*Task statement:*
Retype the data that follows line by line, exactly, and leave its pictures out.
Content starts
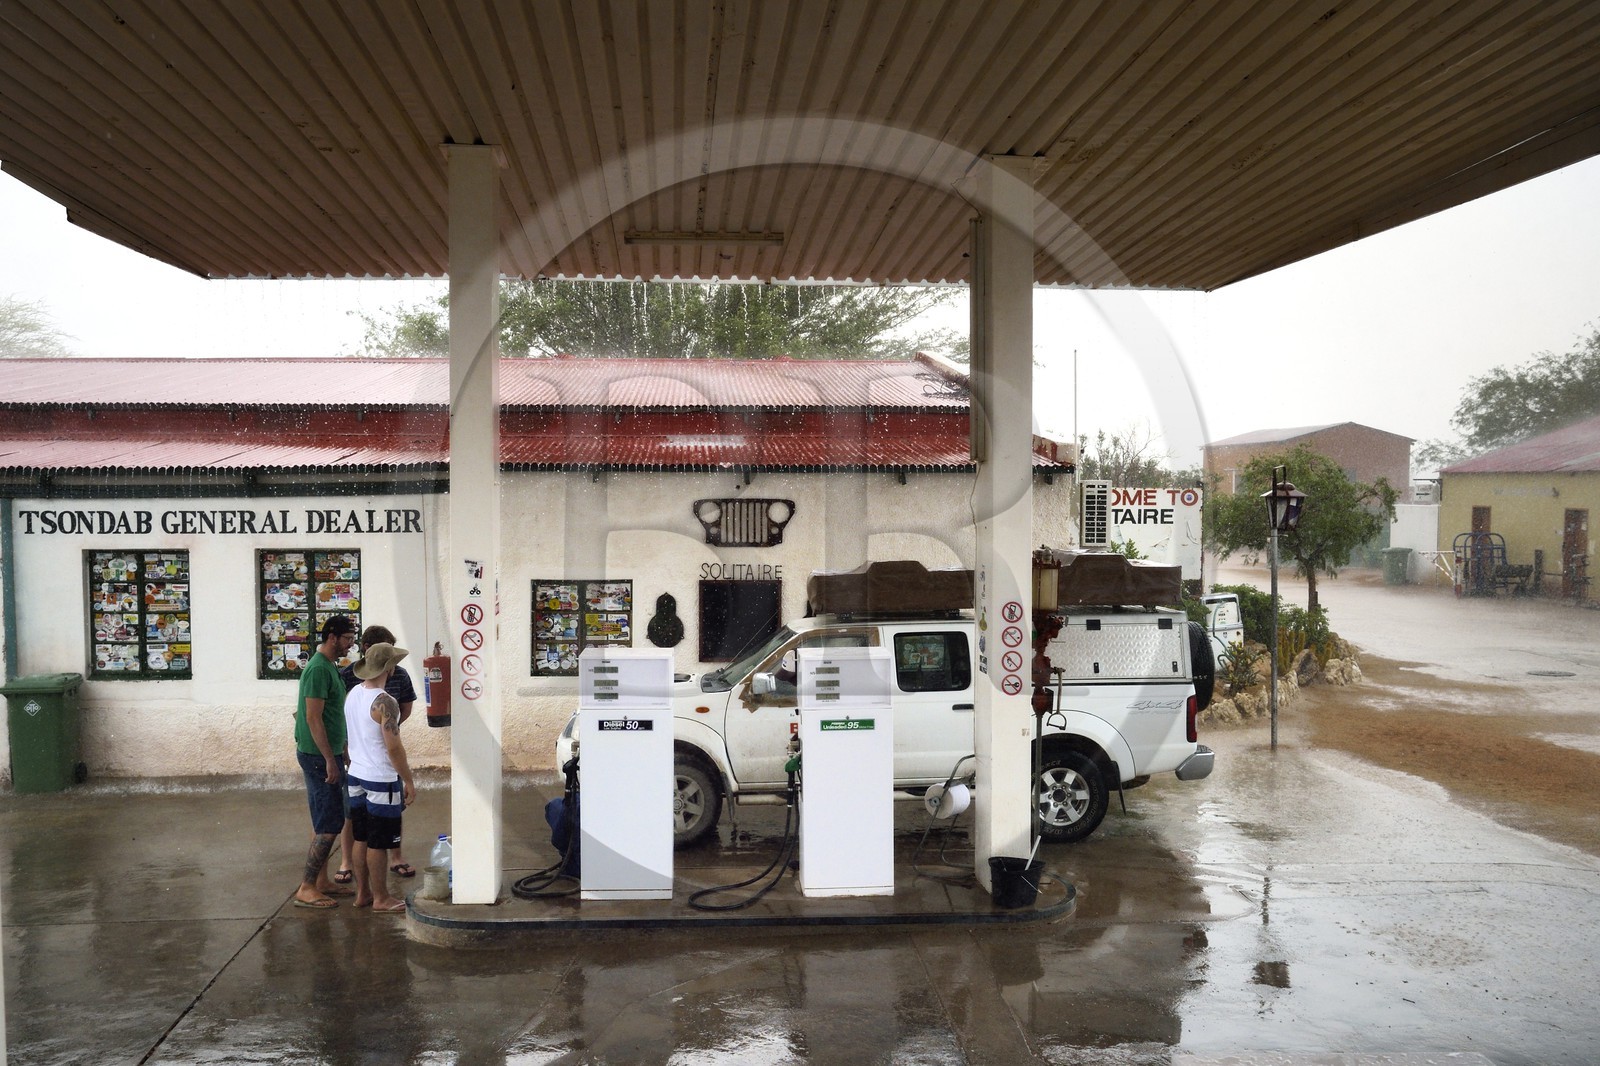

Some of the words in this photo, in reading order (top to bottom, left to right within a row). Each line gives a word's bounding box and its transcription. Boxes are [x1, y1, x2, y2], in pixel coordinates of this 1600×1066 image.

[1166, 489, 1199, 506] TO
[19, 511, 152, 535] TSONDAB
[162, 510, 296, 534] GENERAL
[306, 509, 424, 534] DEALER
[1111, 508, 1174, 525] TAIRE
[699, 562, 783, 581] SOLITAIRE
[625, 720, 639, 730] 50
[847, 721, 859, 729] 95
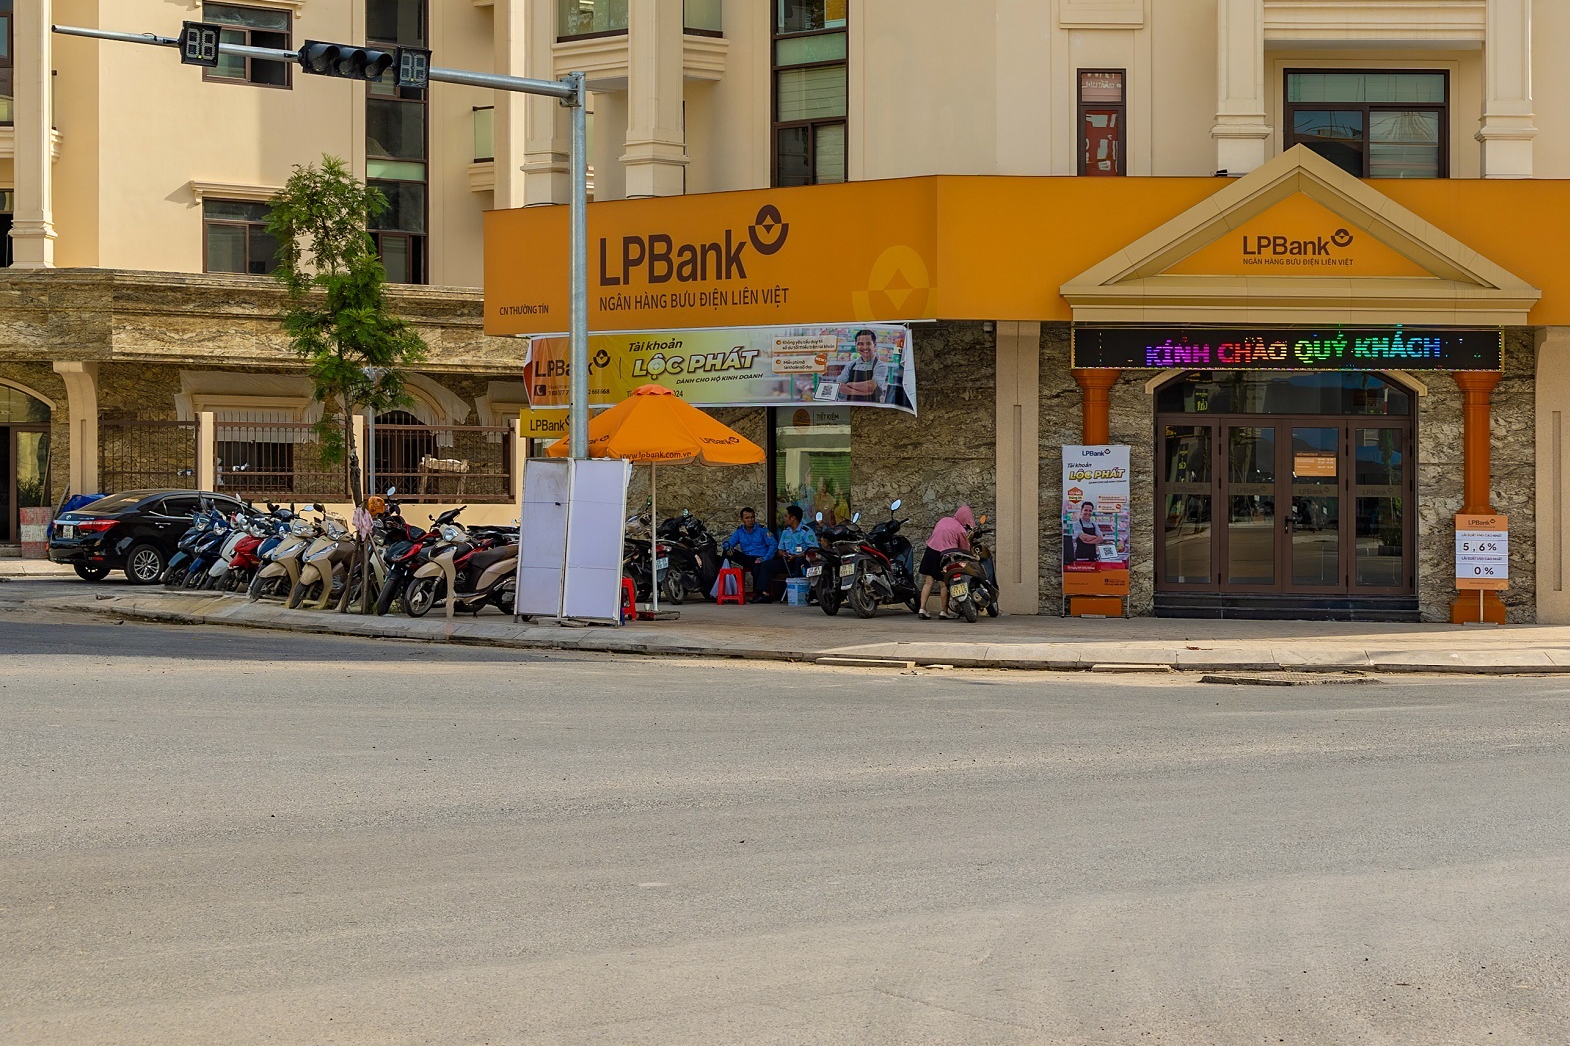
Content ends
*Result:*
Some of the words in this photo, in reading order (top to bottom, left to right within a row). Each line gives a word's bounding box and its transcription. Boxes are [x1, y1, x2, y2], in pixel coordinates of this 1600×1066 image.

[1166, 489, 1199, 506] TO
[19, 511, 152, 535] TSONDAB
[162, 510, 296, 534] GENERAL
[306, 509, 424, 534] DEALER
[1111, 508, 1174, 525] TAIRE
[699, 562, 783, 581] SOLITAIRE
[625, 720, 639, 730] 50
[847, 721, 859, 729] 95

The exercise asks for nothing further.